Exercise requirements: Each record must be written out again exactly. Skip any picture it contains.

Start of Exercise materials

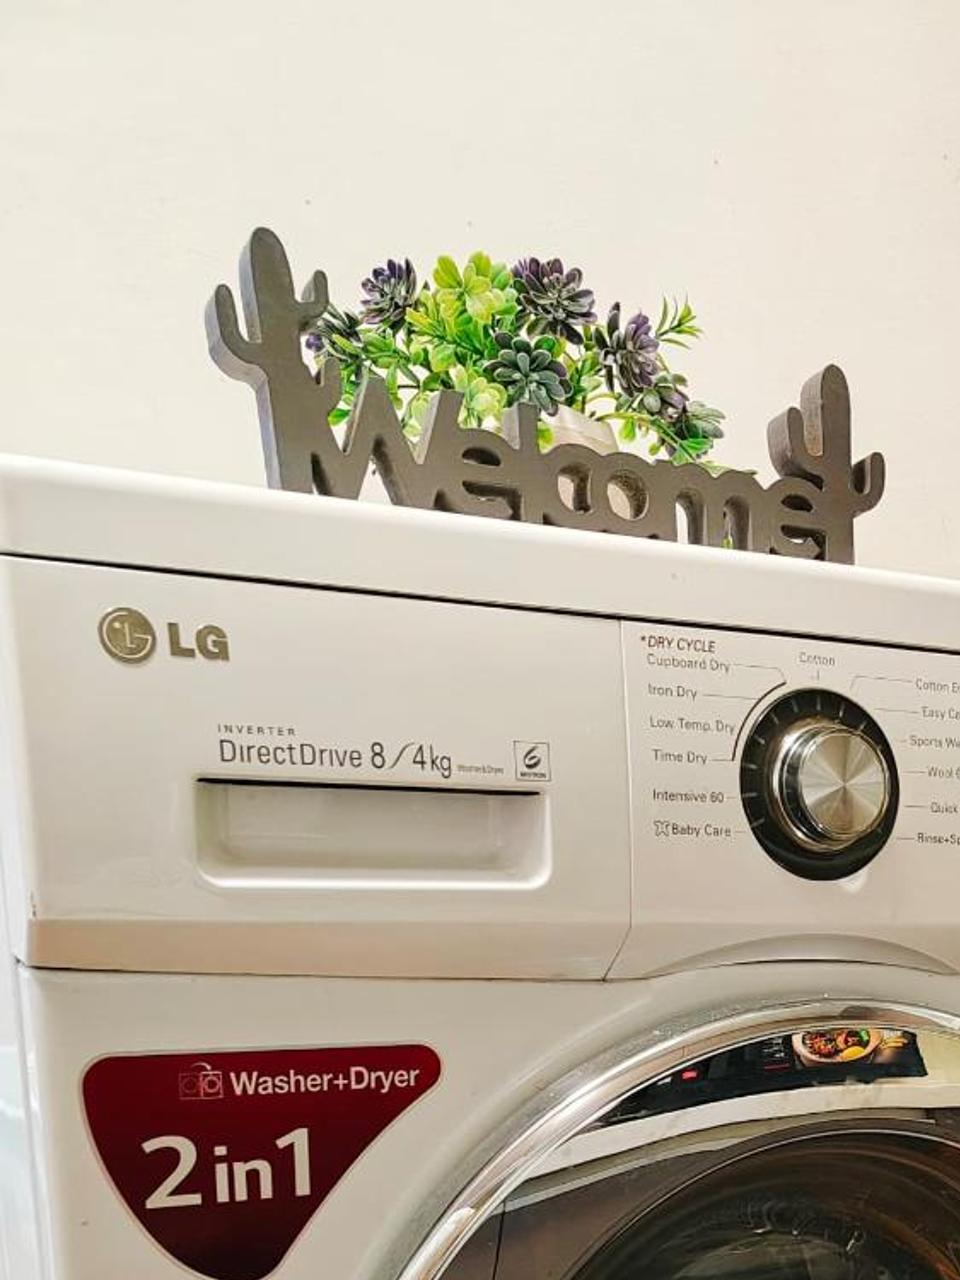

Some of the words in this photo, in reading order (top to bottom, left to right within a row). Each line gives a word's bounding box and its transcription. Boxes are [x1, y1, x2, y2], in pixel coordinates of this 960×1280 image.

[167, 621, 230, 662] LG
[676, 637, 716, 653] CYCLE
[647, 653, 707, 669] Cupboard
[709, 659, 731, 673] Dry
[648, 682, 673, 698] Iron
[676, 686, 697, 700] Dry
[921, 705, 946, 721] Easy
[217, 723, 297, 737] INVERTER
[650, 716, 675, 730] Low
[715, 720, 736, 736] Dry
[909, 734, 943, 748] Sports
[651, 748, 684, 762] Time
[687, 751, 708, 765] Dry
[652, 788, 707, 803] Intensive
[671, 822, 700, 837] Baby
[704, 824, 732, 837] Care
[229, 1066, 420, 1096] Washer+Dryer
[140, 1135, 203, 1210] 2
[213, 1145, 274, 1203] in
[275, 1127, 312, 1197] 1

End of Exercise materials

Written response:
Some of the words in this photo, in reading order (top to bottom, left to right within a row). Each line gives a word's bounding box and its transcription. Boxes are [x1, y1, x2, y2], in pixel coordinates of this 960×1280 image.

[167, 621, 230, 662] LG
[676, 637, 716, 653] CYCLE
[647, 653, 707, 669] Cupboard
[709, 659, 731, 673] Dry
[648, 682, 673, 698] Iron
[676, 686, 697, 700] Dry
[921, 705, 946, 721] Easy
[217, 723, 297, 737] INVERTER
[650, 716, 675, 730] Low
[715, 720, 736, 736] Dry
[909, 734, 943, 748] Sports
[651, 748, 684, 762] Time
[687, 751, 708, 765] Dry
[652, 788, 707, 803] Intensive
[671, 822, 700, 837] Baby
[704, 824, 732, 837] Care
[229, 1066, 420, 1096] Washer+Dryer
[140, 1135, 203, 1210] 2
[213, 1145, 274, 1203] in
[275, 1127, 312, 1197] 1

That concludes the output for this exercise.